Ella Baker Center Statement on #AssaultAtSpringValleyHigh
On October 26, a female student at Spring Valley High School in Columbia, South Carolina, was violently thrown from her desk and arrested by Richland County Sheriff’s Deputy Ben Fields. The following is a statement from the staff of the Ella Baker Center for Human Rights regarding this incident:
“On Monday we witnessed the assault of a young black girl at the hands of Ben Fields, a school resource officer at Spring Valley High School with a history of complaints alleging excessive force, free speech violations, and lack of due process.
We were appalled to watch the attack on this student, especially as it reveals an over-reliance on law enforcement to manage everyday conflicts that could easily be resolved nonviolently. Schools should be a place of learning, encouragement, and safety—not one where police officers are free to use force and arrest students for disagreeing with their teachers.

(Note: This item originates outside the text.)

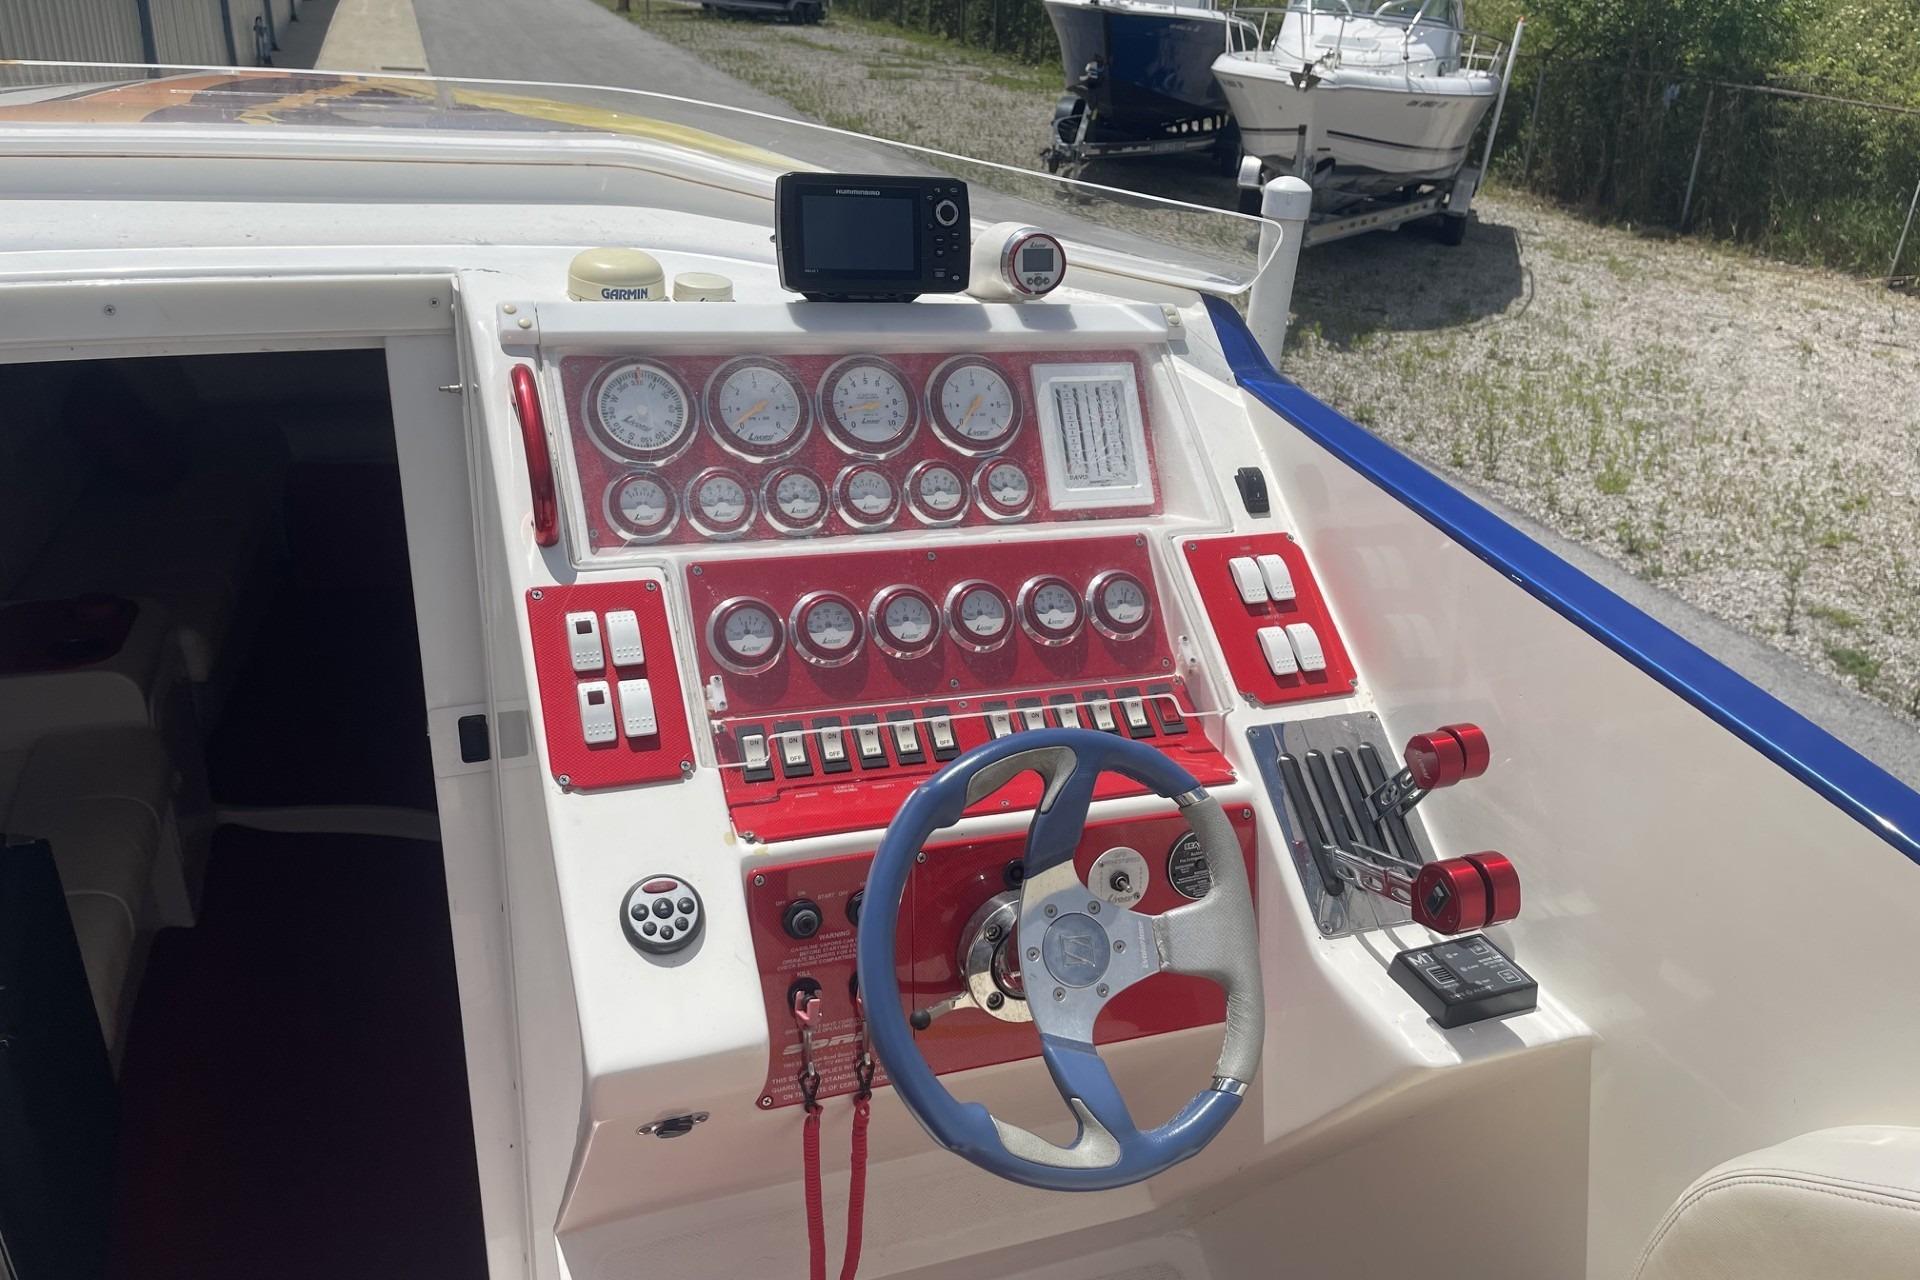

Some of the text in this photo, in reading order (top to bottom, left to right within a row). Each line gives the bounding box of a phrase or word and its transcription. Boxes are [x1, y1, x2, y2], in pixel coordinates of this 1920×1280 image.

The attack on this student is like that of too many others we have witnessed against our black youth, from Officer Eric Casebolt assaulting a bikini-clad teenage girl in McKinney, Texas in June, to Stockton police officers beating a 16-year-old boy for jaywalking in September. It is also indicative of the disturbing ways that people of color are criminalized from a young age and the way that the school-to-prison pipeline disproportionately impacts youth of color. According to the African American Policy Forum's 2015 report, black girls are six times more likely to be suspended than white girls.
It is important that Officer Fields be held accountable for his actions, and it is also critical that we end punishment-first approaches and begin supporting and caring for vulnerable communities. For these reasons, the Ella Baker Center advocates for a process of truth and reinvestment. We must examine how our country's long history of racism, segregation, and oppression has created a criminal justice system that targets low-income families and communities of color, and focus on reinvesting in those communities that have been most harmed by criminalization and incarceration.
We hope that this girl will heal from both the physical and emotional wounds of this attack, and support the community that is advocating on her behalf.”